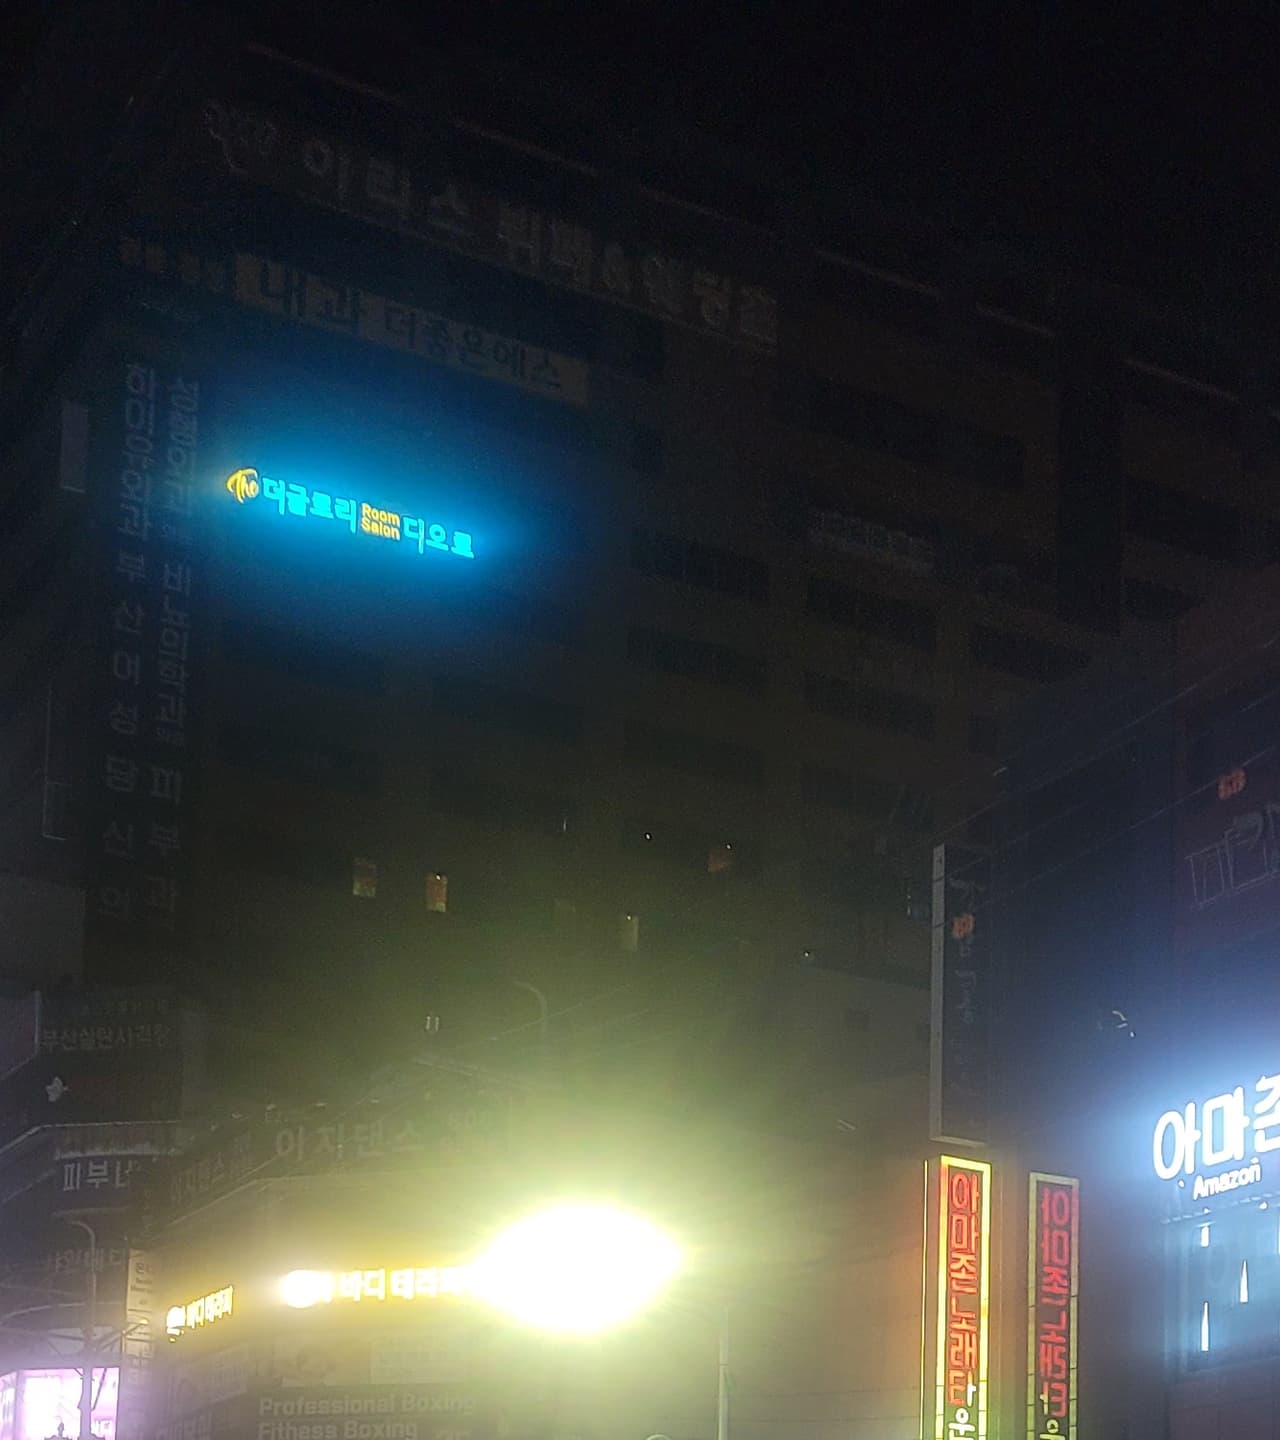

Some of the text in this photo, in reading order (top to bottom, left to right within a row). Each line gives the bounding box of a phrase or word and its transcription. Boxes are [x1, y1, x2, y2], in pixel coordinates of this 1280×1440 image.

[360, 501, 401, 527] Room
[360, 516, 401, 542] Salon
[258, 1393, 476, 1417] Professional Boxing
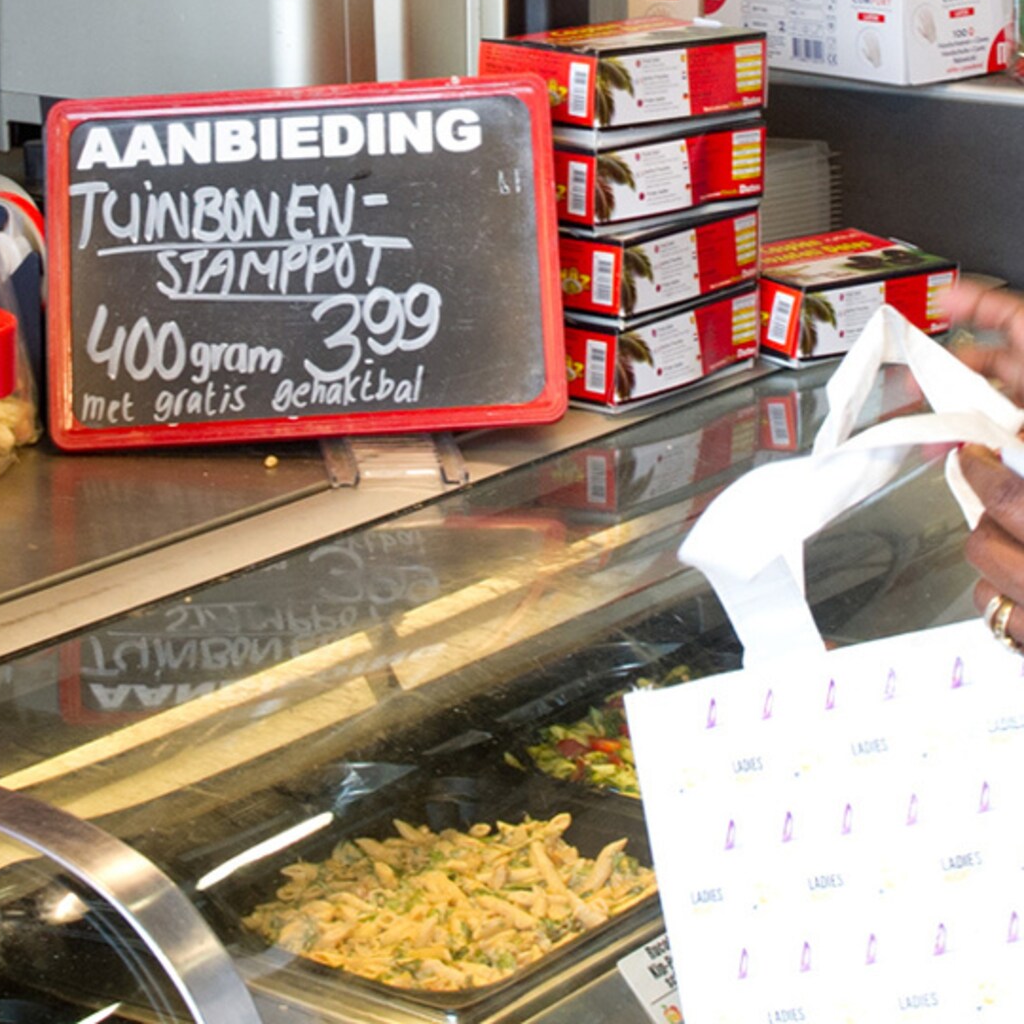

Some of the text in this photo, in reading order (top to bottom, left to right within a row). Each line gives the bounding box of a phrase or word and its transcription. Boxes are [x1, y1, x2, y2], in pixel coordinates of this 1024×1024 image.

........

From the first line to the last, set down the records word for word and drop the images.

Some of the text in this photo, in reading order (top to bottom, left to right within a row). Each line gives the bounding box of a phrase or word and its transcription. Boxes are [x1, y1, x2, y2], in pixel coordinates of this 1280×1440 image.

[360, 501, 401, 527] Room
[360, 516, 401, 542] Salon
[258, 1393, 476, 1417] Professional Boxing

Some of the text in this photo, in reading order (top to bottom, left to right within a row). Each line gives the bounding box of a phrase or word and its transcription. Boxes are [x1, y1, x2, y2], in pixel coordinates of this 1024×1024 image.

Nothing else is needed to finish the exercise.